Sadako’s cranes became a global symbol of peace, and her story is told to children around the world.

“I fold cranes for Sadako every year,” said Hana Watanabe, a student in Hiroshima today. “She is like a sister to us all.”

Key Figures and Consequences

Scientific Legacy

The Hiroshima bombing marked the first use of nuclear weapons in war, raising ethical questions for scientists like J. Robert Oppenheimer, who later reflected:

“Now I am become Death, the destroyer of worlds.”

The event spurred nuclear proliferation during the Cold War and remains a point of caution in global arms discussions.

Truman and Controversy

President Truman defended the decision as a necessary means to save lives by avoiding a full-scale invasion of Japan, which U.S. estimates predicted could cost hundreds of thousands of casualties.
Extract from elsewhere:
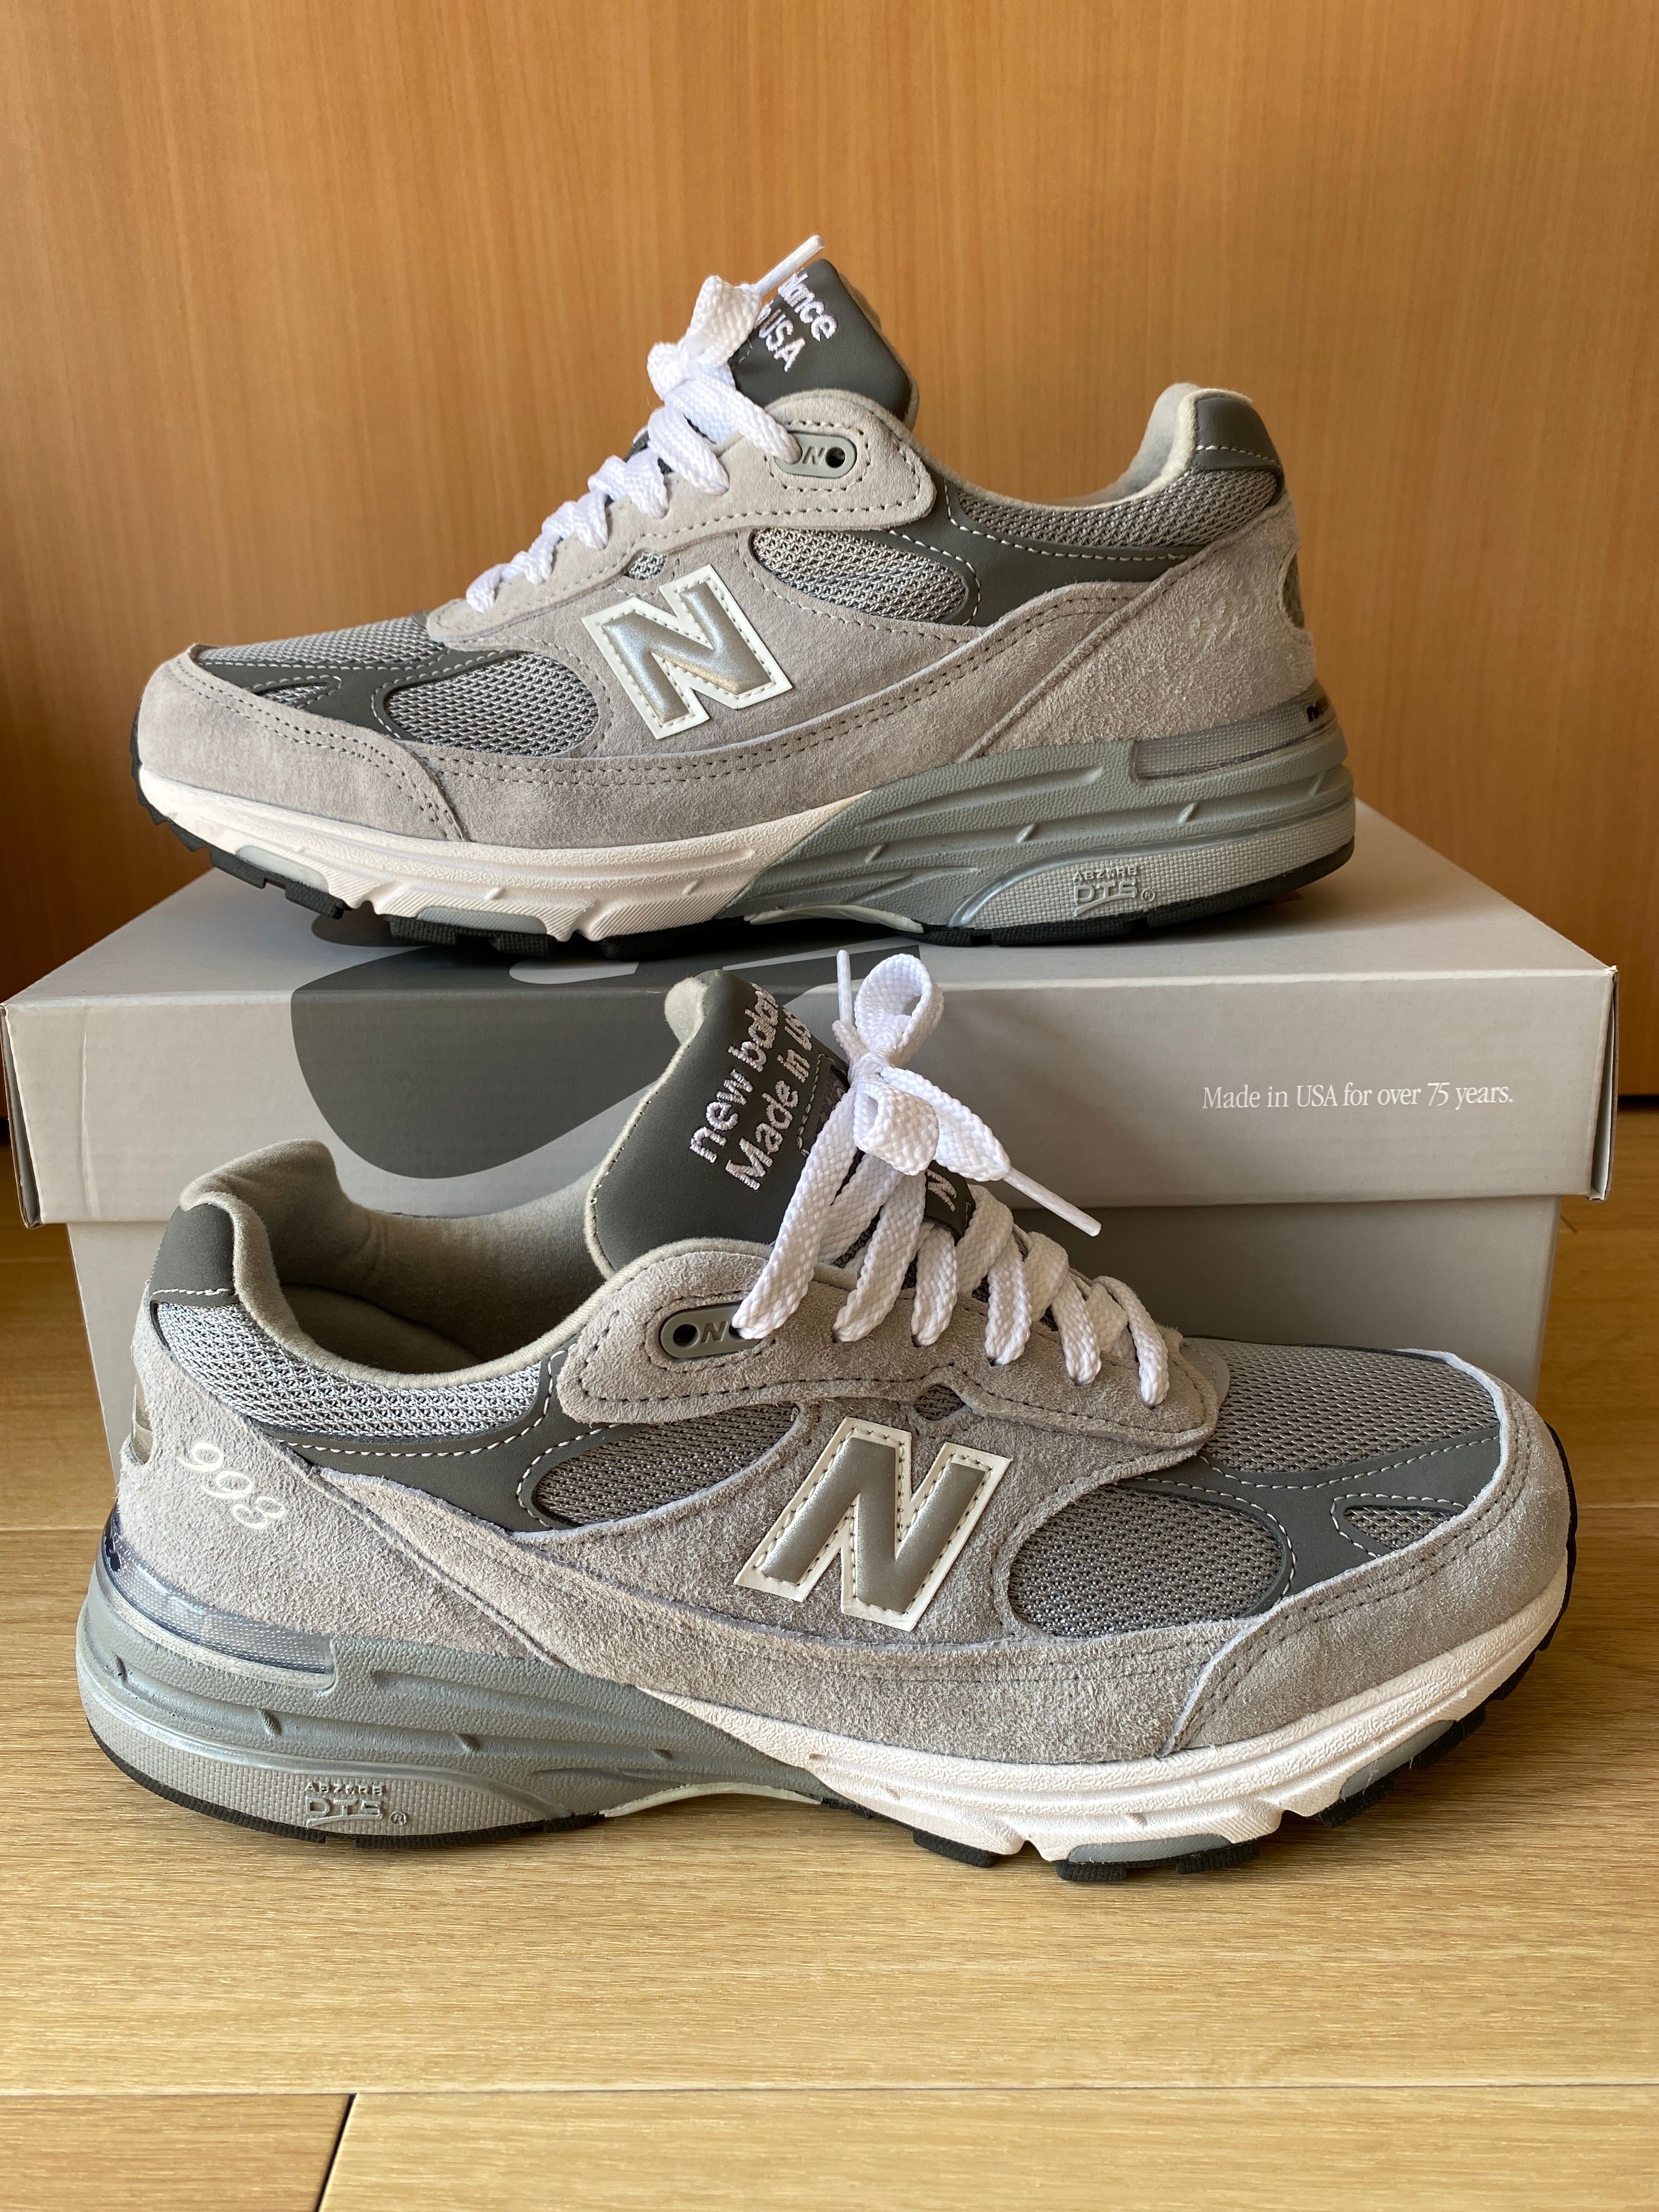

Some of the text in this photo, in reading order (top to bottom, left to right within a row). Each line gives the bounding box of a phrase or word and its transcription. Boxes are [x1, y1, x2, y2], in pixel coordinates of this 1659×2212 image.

But critics—then and now—argue that Japan was already on the verge of surrender, and that the bombing was unnecessary and inhumane.

Hiroshima Today

Hiroshima rebuilt itself as a city of peace. The Hiroshima Peace Memorial Park, established in 1954, includes:

  • The A-Bomb Dome, preserved in its post-blast state.
  • The Peace Memorial Museum, with testimonies and artifacts.
  • The annual August 6 Peace Ceremony, where survivors, officials, and children call for nuclear disarmament.

“We do not seek revenge,” said Mayor Kazumi Matsui during a ceremony. “We seek a world without nuclear weapons.”

How August 6 Is Remembered

Globally, August 6 is a day of solemn remembrance and renewed calls for peace.

In Japan, schools hold moments of silence and lessons on the bombing.

In the U.S., perspectives vary—some view it as a necessary act of war; others as a moral failing.

Survivor organizations, like the Hibakusha Appeal, campaign for nuclear abolition.

Thanks to oral history projects and global education efforts, the voices of Hiroshima’s survivors are no longer silent.

“Time passes, but the fire inside me burns,” said Setsuko Thurlow, who accepted the 2017 Nobel Peace Prize on behalf of the International Campaign to Abolish Nuclear Weapons (ICAN). “We hibakusha are not relics. We are warnings.”

Conclusion

The bombing of Hiroshima was a singular moment in human history—horrifying, transformative, and endlessly debated. But it is the voices of the hibakusha, the survivors, that ensure the story is not just about destruction, but about resilience, courage, and the urgent call for peace.

As the world continues to grapple with nuclear tensions and warfare, the memories of August 6, 1945, live on—not as fading history, but as living testimony.